__WORK REQUIRED__. All of the data below should be output exactly as given.

__DATA EXCERPTS__.
──────
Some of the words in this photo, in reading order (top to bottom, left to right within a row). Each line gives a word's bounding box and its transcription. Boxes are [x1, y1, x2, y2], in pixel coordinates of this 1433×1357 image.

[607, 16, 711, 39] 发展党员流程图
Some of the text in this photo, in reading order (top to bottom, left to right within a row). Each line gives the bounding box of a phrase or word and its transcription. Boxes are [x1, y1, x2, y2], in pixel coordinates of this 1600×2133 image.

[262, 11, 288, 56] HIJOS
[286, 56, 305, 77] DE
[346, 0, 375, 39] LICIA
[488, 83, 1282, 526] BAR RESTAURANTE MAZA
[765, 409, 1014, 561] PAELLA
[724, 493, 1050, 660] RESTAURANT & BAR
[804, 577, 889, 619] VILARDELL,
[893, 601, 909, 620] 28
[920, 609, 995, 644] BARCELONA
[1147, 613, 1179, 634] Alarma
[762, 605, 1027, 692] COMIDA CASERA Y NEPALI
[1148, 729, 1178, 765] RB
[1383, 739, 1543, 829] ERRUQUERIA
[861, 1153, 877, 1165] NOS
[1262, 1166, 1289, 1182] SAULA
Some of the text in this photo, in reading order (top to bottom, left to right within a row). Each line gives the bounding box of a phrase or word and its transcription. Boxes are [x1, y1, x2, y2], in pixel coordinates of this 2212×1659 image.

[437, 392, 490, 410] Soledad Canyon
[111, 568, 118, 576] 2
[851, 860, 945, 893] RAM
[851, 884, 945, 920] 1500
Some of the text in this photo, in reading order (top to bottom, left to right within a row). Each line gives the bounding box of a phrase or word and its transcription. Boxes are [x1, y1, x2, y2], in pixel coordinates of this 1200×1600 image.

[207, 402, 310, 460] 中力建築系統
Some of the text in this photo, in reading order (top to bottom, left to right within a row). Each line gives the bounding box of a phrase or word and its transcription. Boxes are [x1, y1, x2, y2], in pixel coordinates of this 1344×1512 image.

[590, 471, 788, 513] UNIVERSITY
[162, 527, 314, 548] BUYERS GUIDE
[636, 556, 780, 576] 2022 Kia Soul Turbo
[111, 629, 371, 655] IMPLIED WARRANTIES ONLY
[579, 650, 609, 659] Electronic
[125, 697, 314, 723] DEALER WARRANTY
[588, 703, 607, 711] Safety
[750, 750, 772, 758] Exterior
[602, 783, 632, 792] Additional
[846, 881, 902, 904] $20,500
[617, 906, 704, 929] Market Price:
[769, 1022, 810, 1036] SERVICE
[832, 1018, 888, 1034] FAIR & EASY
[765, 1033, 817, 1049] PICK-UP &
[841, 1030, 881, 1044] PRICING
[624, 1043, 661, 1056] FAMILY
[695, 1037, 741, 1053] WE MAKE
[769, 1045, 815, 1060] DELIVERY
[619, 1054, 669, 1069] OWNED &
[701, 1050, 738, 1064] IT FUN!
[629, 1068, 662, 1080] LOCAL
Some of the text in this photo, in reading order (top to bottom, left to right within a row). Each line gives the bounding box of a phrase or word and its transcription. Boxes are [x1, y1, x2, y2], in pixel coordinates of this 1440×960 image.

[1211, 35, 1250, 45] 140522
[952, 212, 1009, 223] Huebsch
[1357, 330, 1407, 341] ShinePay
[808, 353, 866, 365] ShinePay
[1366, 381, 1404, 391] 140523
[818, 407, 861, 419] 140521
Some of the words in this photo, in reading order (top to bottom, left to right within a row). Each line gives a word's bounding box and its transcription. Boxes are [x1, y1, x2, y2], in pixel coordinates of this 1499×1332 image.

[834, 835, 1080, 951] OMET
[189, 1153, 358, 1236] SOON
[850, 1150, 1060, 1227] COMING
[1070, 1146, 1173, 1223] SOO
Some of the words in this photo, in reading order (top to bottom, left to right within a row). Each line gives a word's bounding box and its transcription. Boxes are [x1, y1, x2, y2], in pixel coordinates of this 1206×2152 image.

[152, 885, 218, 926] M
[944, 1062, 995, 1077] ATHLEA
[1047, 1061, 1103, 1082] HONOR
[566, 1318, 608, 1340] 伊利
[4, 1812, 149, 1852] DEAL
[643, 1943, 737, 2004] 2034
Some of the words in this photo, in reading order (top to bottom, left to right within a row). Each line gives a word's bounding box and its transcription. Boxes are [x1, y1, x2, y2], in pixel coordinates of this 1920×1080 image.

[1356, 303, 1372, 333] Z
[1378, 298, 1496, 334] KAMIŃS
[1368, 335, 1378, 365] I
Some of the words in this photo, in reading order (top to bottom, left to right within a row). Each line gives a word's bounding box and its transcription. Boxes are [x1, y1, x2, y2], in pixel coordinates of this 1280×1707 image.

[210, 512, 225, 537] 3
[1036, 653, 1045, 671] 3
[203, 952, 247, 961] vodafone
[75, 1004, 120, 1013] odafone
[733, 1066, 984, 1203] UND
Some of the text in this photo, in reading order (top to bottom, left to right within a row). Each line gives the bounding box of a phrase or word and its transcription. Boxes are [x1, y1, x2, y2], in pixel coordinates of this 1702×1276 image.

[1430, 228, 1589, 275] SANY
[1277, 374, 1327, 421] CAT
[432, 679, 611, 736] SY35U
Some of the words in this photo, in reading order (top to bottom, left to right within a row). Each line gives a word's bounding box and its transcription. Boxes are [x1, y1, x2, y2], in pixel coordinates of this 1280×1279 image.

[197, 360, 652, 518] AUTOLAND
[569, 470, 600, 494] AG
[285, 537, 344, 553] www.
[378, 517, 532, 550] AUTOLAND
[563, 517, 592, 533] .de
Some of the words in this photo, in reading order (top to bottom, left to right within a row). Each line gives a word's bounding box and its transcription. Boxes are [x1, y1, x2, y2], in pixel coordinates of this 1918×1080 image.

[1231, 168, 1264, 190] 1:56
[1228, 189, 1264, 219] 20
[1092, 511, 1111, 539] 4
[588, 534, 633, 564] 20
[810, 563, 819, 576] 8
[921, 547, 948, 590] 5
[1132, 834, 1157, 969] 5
──────
__ANSWER SPACE__.
Some of the words in this photo, in reading order (top to bottom, left to right within a row). Each line gives a word's bounding box and its transcription. Boxes are [x1, y1, x2, y2], in pixel coordinates of this 1433×1357 image.

[607, 16, 711, 39] 发展党员流程图
Some of the text in this photo, in reading order (top to bottom, left to right within a row). Each line gives the bounding box of a phrase or word and its transcription. Boxes are [x1, y1, x2, y2], in pixel coordinates of this 1600×2133 image.

[262, 11, 288, 56] HIJOS
[286, 56, 305, 77] DE
[346, 0, 375, 39] LICIA
[488, 83, 1282, 526] BAR RESTAURANTE MAZA
[765, 409, 1014, 561] PAELLA
[724, 493, 1050, 660] RESTAURANT & BAR
[804, 577, 889, 619] VILARDELL,
[893, 601, 909, 620] 28
[920, 609, 995, 644] BARCELONA
[1147, 613, 1179, 634] Alarma
[762, 605, 1027, 692] COMIDA CASERA Y NEPALI
[1148, 729, 1178, 765] RB
[1383, 739, 1543, 829] ERRUQUERIA
[861, 1153, 877, 1165] NOS
[1262, 1166, 1289, 1182] SAULA
Some of the text in this photo, in reading order (top to bottom, left to right within a row). Each line gives the bounding box of a phrase or word and its transcription. Boxes are [x1, y1, x2, y2], in pixel coordinates of this 2212×1659 image.

[437, 392, 490, 410] Soledad Canyon
[111, 568, 118, 576] 2
[851, 860, 945, 893] RAM
[851, 884, 945, 920] 1500
Some of the text in this photo, in reading order (top to bottom, left to right within a row). Each line gives the bounding box of a phrase or word and its transcription. Boxes are [x1, y1, x2, y2], in pixel coordinates of this 1200×1600 image.

[207, 402, 310, 460] 中力建築系統
Some of the text in this photo, in reading order (top to bottom, left to right within a row). Each line gives the bounding box of a phrase or word and its transcription. Boxes are [x1, y1, x2, y2], in pixel coordinates of this 1344×1512 image.

[590, 471, 788, 513] UNIVERSITY
[162, 527, 314, 548] BUYERS GUIDE
[636, 556, 780, 576] 2022 Kia Soul Turbo
[111, 629, 371, 655] IMPLIED WARRANTIES ONLY
[579, 650, 609, 659] Electronic
[125, 697, 314, 723] DEALER WARRANTY
[588, 703, 607, 711] Safety
[750, 750, 772, 758] Exterior
[602, 783, 632, 792] Additional
[846, 881, 902, 904] $20,500
[617, 906, 704, 929] Market Price:
[769, 1022, 810, 1036] SERVICE
[832, 1018, 888, 1034] FAIR & EASY
[765, 1033, 817, 1049] PICK-UP &
[841, 1030, 881, 1044] PRICING
[624, 1043, 661, 1056] FAMILY
[695, 1037, 741, 1053] WE MAKE
[769, 1045, 815, 1060] DELIVERY
[619, 1054, 669, 1069] OWNED &
[701, 1050, 738, 1064] IT FUN!
[629, 1068, 662, 1080] LOCAL
Some of the text in this photo, in reading order (top to bottom, left to right within a row). Each line gives the bounding box of a phrase or word and its transcription. Boxes are [x1, y1, x2, y2], in pixel coordinates of this 1440×960 image.

[1211, 35, 1250, 45] 140522
[952, 212, 1009, 223] Huebsch
[1357, 330, 1407, 341] ShinePay
[808, 353, 866, 365] ShinePay
[1366, 381, 1404, 391] 140523
[818, 407, 861, 419] 140521
Some of the words in this photo, in reading order (top to bottom, left to right within a row). Each line gives a word's bounding box and its transcription. Boxes are [x1, y1, x2, y2], in pixel coordinates of this 1499×1332 image.

[834, 835, 1080, 951] OMET
[189, 1153, 358, 1236] SOON
[850, 1150, 1060, 1227] COMING
[1070, 1146, 1173, 1223] SOO
Some of the words in this photo, in reading order (top to bottom, left to right within a row). Each line gives a word's bounding box and its transcription. Boxes are [x1, y1, x2, y2], in pixel coordinates of this 1206×2152 image.

[152, 885, 218, 926] M
[944, 1062, 995, 1077] ATHLEA
[1047, 1061, 1103, 1082] HONOR
[566, 1318, 608, 1340] 伊利
[4, 1812, 149, 1852] DEAL
[643, 1943, 737, 2004] 2034
Some of the words in this photo, in reading order (top to bottom, left to right within a row). Each line gives a word's bounding box and its transcription. Boxes are [x1, y1, x2, y2], in pixel coordinates of this 1920×1080 image.

[1356, 303, 1372, 333] Z
[1378, 298, 1496, 334] KAMIŃS
[1368, 335, 1378, 365] I
Some of the words in this photo, in reading order (top to bottom, left to right within a row). Each line gives a word's bounding box and its transcription. Boxes are [x1, y1, x2, y2], in pixel coordinates of this 1280×1707 image.

[210, 512, 225, 537] 3
[1036, 653, 1045, 671] 3
[203, 952, 247, 961] vodafone
[75, 1004, 120, 1013] odafone
[733, 1066, 984, 1203] UND
Some of the text in this photo, in reading order (top to bottom, left to right within a row). Each line gives the bounding box of a phrase or word and its transcription. Boxes are [x1, y1, x2, y2], in pixel coordinates of this 1702×1276 image.

[1430, 228, 1589, 275] SANY
[1277, 374, 1327, 421] CAT
[432, 679, 611, 736] SY35U
Some of the words in this photo, in reading order (top to bottom, left to right within a row). Each line gives a word's bounding box and its transcription. Boxes are [x1, y1, x2, y2], in pixel coordinates of this 1280×1279 image.

[197, 360, 652, 518] AUTOLAND
[569, 470, 600, 494] AG
[285, 537, 344, 553] www.
[378, 517, 532, 550] AUTOLAND
[563, 517, 592, 533] .de
Some of the words in this photo, in reading order (top to bottom, left to right within a row). Each line gives a word's bounding box and its transcription. Boxes are [x1, y1, x2, y2], in pixel coordinates of this 1918×1080 image.

[1231, 168, 1264, 190] 1:56
[1228, 189, 1264, 219] 20
[1092, 511, 1111, 539] 4
[588, 534, 633, 564] 20
[810, 563, 819, 576] 8
[921, 547, 948, 590] 5
[1132, 834, 1157, 969] 5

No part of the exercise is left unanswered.